Can you please review this patch? It is a continuation of the discussion at [1].
At first I was thinking of using a cancel for suspend instead of a mod(to an
arbitrarily large value), but I couldn't get it to fit in as I have an additional
constraint of being able to call these functions from an IRQ context.

These new functions race with other contexts, primarily finish_job(),
timedout_job() and recovery(), but I did go through the possible races between
these(I think). Please let me know what you think of this?
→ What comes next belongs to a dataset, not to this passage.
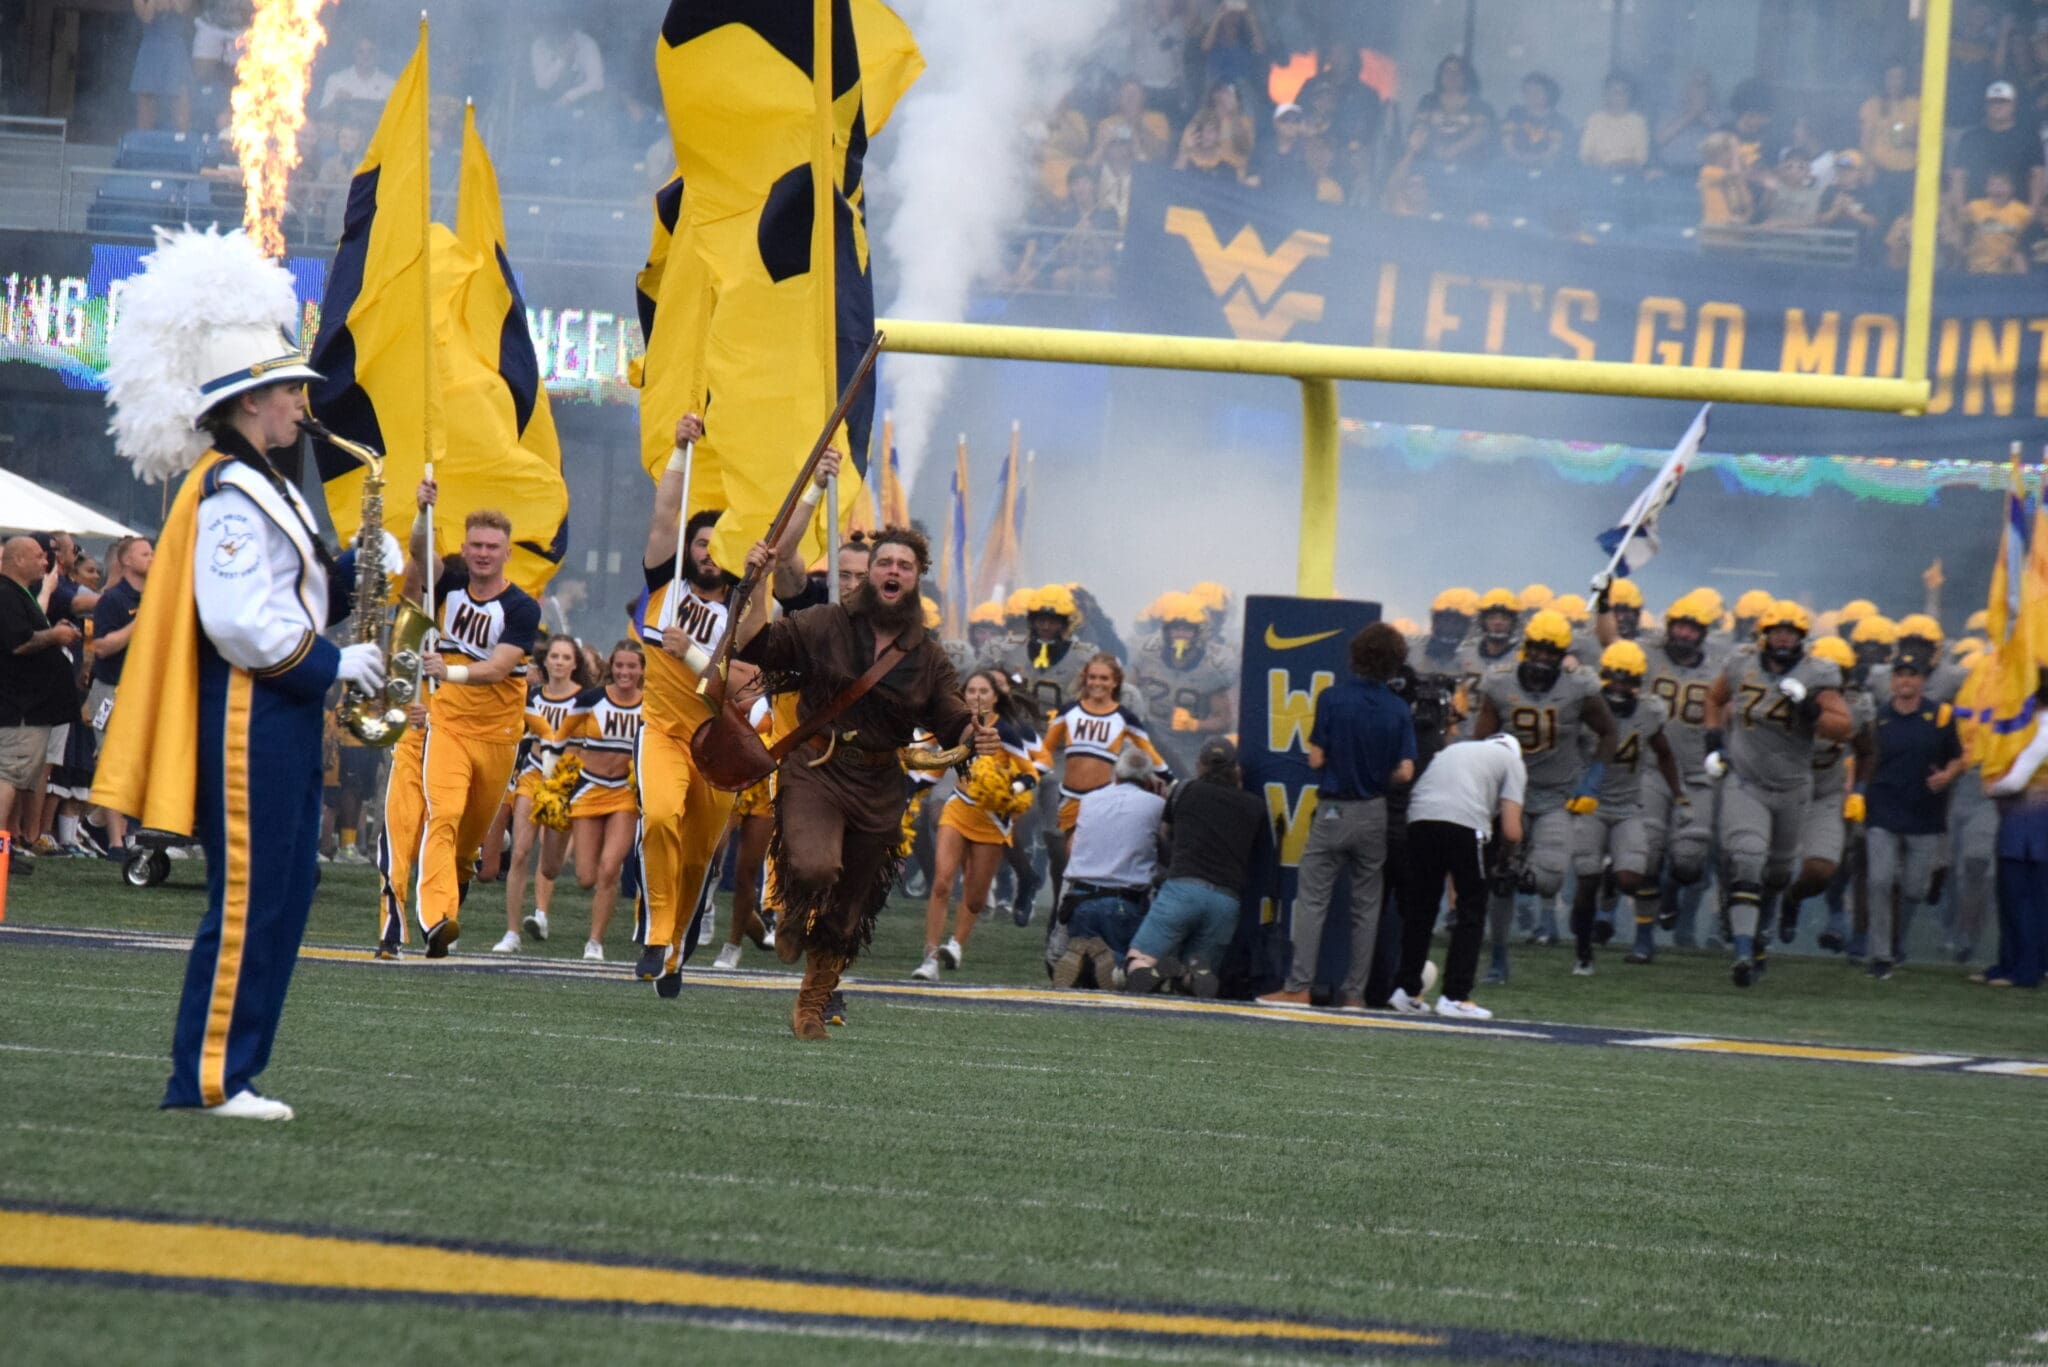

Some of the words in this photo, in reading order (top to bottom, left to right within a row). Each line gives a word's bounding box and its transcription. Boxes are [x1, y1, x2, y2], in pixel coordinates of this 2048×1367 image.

I have not tested
this yet and if this is something in the right direction, I will put this
through my testing drill and polish it.

IMO I think I prefer the callback approach as it appears to be simple, less
error prone for both the scheduler and the drivers.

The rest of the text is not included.